Work required: Output all entries exactly; images excluded.

Excerpts from a dataset:
━━━━━━━━

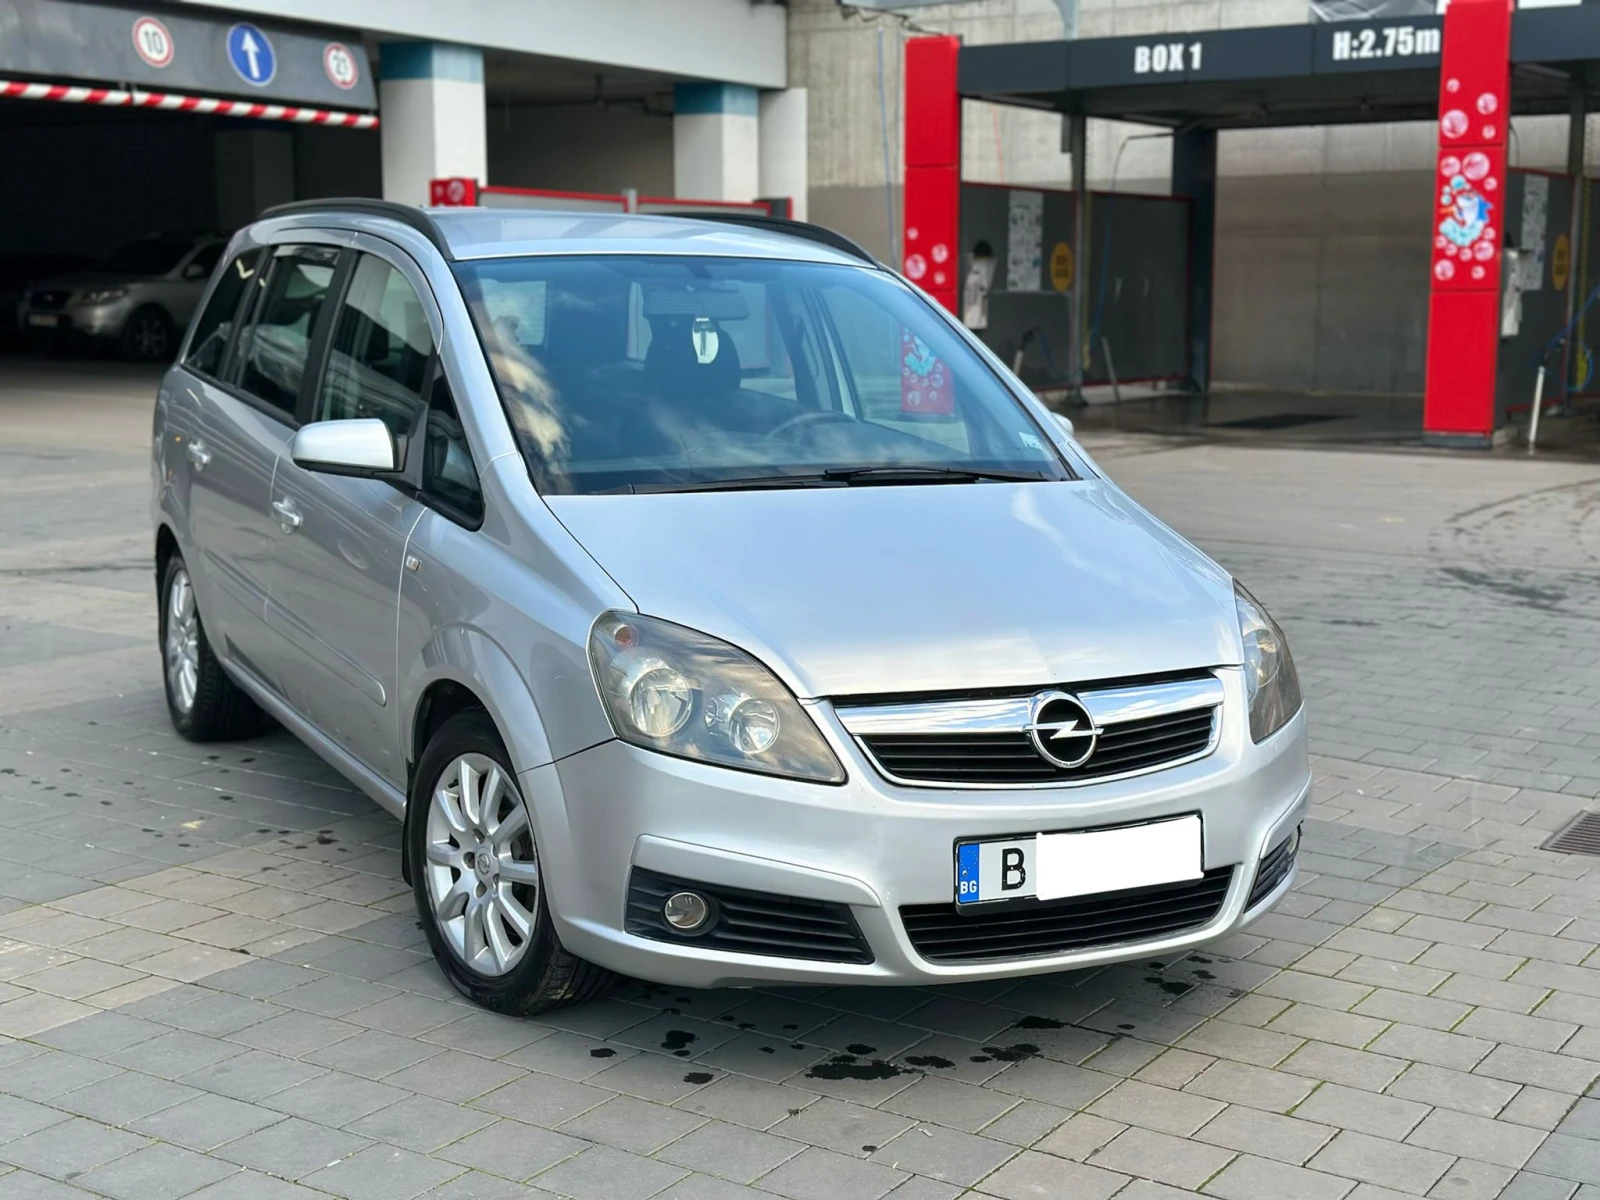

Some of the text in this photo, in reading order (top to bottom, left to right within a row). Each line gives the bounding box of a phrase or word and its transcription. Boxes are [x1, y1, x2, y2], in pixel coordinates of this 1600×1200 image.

[144, 30, 165, 54] 10
[1134, 42, 1202, 73] BOX 1
[1332, 25, 1440, 60] H:2.75m
[1002, 847, 1026, 891] B
[960, 880, 978, 895] BG

━━━━━━━━

Exercise result:
Some of the text in this photo, in reading order (top to bottom, left to right within a row). Each line gives the bounding box of a phrase or word and its transcription. Boxes are [x1, y1, x2, y2], in pixel coordinates of this 1600×1200 image.

[144, 30, 165, 54] 10
[1134, 42, 1202, 73] BOX 1
[1332, 25, 1440, 60] H:2.75m
[1002, 847, 1026, 891] B
[960, 880, 978, 895] BG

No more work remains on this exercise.